Anglican attitudes are confused

Anglican attitudes are confused
Times Online, UK 

Sir, Since we are threatened with weeks of comment on the unhappy plight of the Church of England (“Church in meltdown over gays and women”, June 16), might a reader plead for a rigorous shunning of such terms as “liberal”, “traditionalist”, “conservative” and “progressive”? They obscure the issues and incline your readers to make up their minds without any further thought. Is it helpful to describe as “traditionalist” someone who opposes the consecration of women as bishops yet celebrates (in both senses) the marriage of gay priests?
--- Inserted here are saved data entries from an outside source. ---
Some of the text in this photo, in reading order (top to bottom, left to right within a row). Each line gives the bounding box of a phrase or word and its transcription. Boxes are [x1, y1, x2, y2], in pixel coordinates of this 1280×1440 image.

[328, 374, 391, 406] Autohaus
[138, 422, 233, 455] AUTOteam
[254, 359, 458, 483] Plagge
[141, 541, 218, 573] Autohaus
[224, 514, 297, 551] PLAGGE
There are two separate and fundamental issues: open homosexuality among priests (which is a matter of sexual morality), and the consecration of women as bishops (which is not). Nothing is gained by confusing them by the use of loaded epithets.

Harry Judge
Oxford

Sir, The Church of England has a code of practice relating to the pastoral care of homosexual couples. Martin Dudley “strongly disagrees” with these guidelines, and has acted otherwise. He is free to do so, since codes of practice cannot be binding in law nor (conclusively) in conscience.
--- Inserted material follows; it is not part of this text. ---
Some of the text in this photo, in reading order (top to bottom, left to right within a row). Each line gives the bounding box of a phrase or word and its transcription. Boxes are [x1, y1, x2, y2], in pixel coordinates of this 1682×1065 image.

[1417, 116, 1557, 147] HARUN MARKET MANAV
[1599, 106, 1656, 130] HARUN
At the same time, the House of Bishops has recommended that an agreed code of practice will be sufficient for the pastoral care of those who will not receive the ministry of female bishops, or those ordained by them.

Can they be serious?

The Rev Canon Brian Findlay
Monks Eleigh, Suffolk

Sir, The 39 Articles of the Church of England (1562) make it clear that priests are free to “marry at their own discretion”. By choosing to augment their civil partnership with a ceremony in church, the Revs Peter Cowell and David Lord have cleverly bypassed the bishops’ absurd rules about civil partnership, and honoured the Anglican tradition to its very roots.
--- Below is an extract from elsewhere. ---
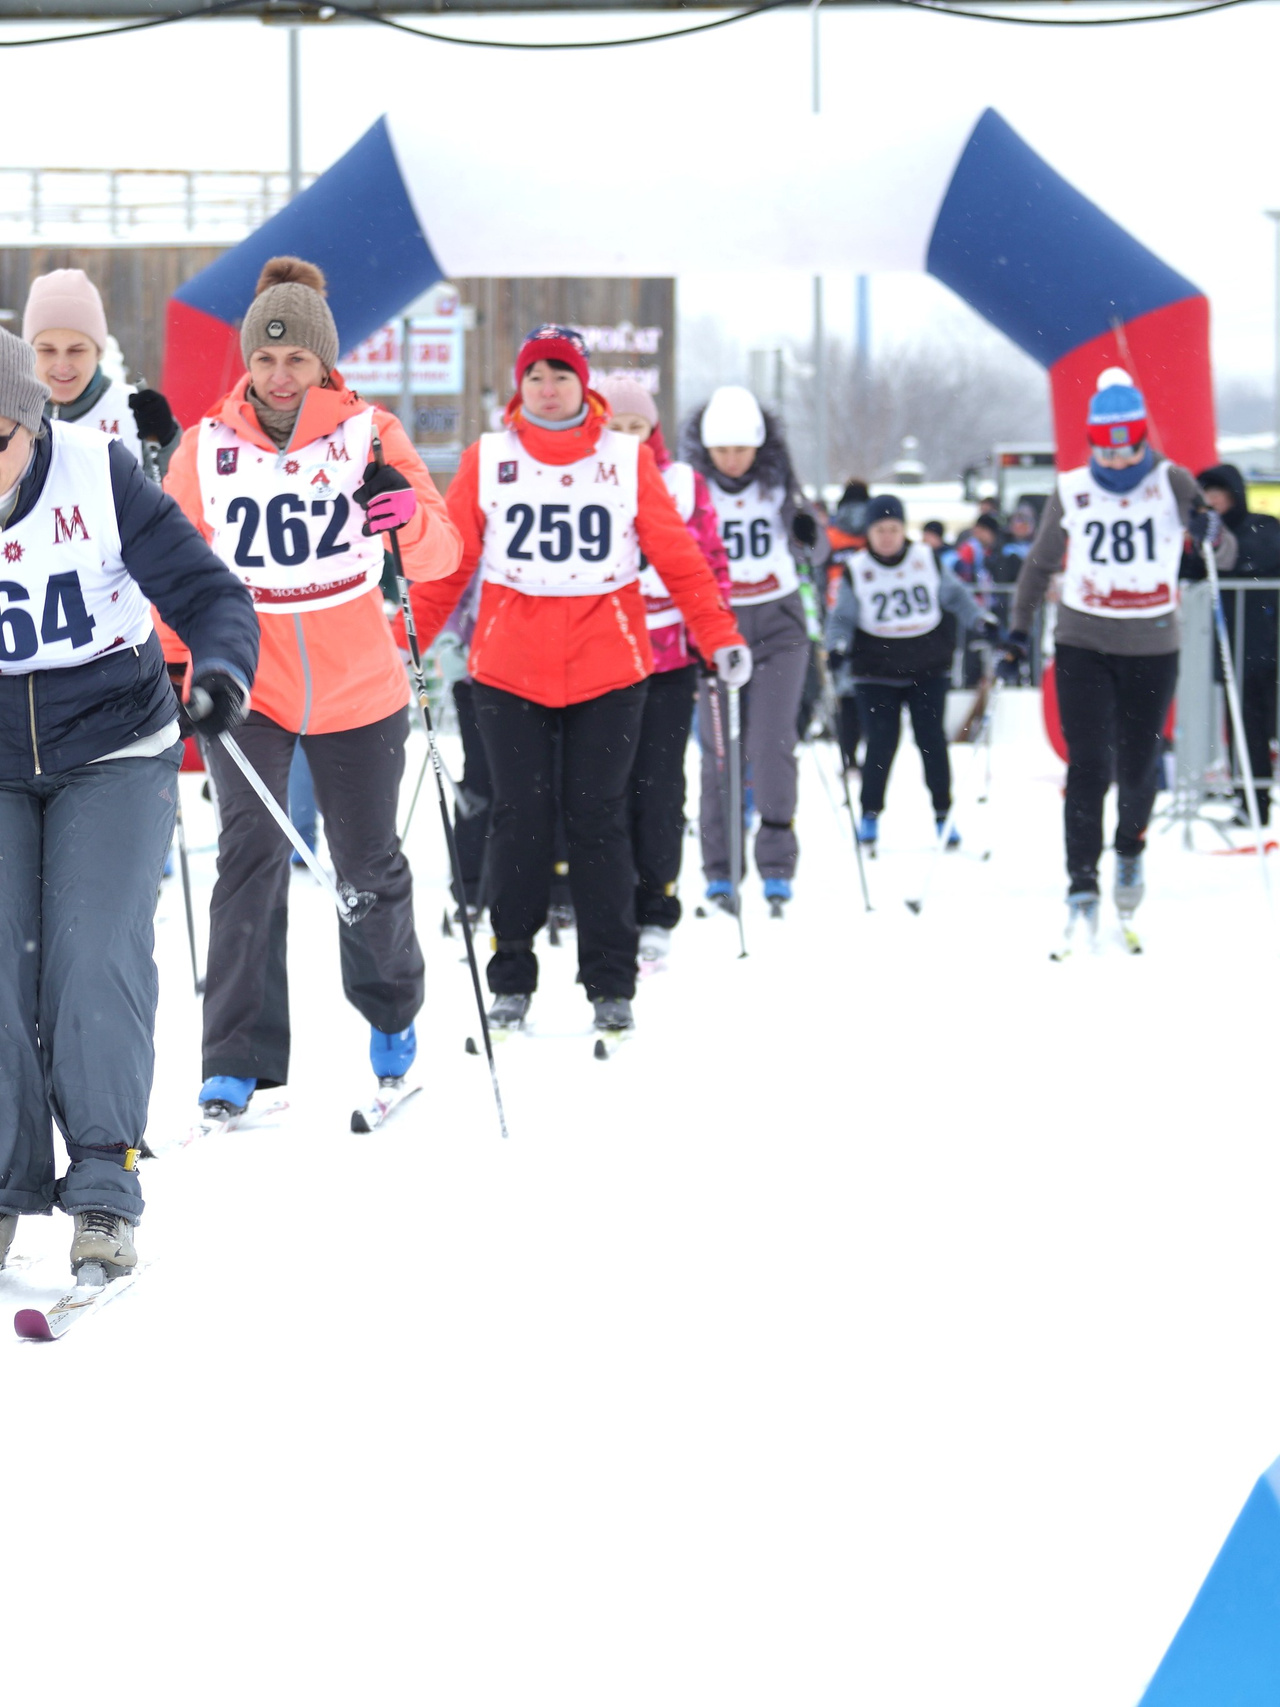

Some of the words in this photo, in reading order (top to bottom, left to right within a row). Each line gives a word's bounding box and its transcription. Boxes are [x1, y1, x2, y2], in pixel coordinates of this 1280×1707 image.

Maybe bishops should spend more time reading the documents of their own Church, and less time writing new ones?

Incidentally, it was the marriage service in the Book of Common Prayer that was the first liturgy to acknowledge that marriage was about “mutual society, help, and comfort”. The event at St Bartholomew’s was the logical culmination of that theological approach. And it is good.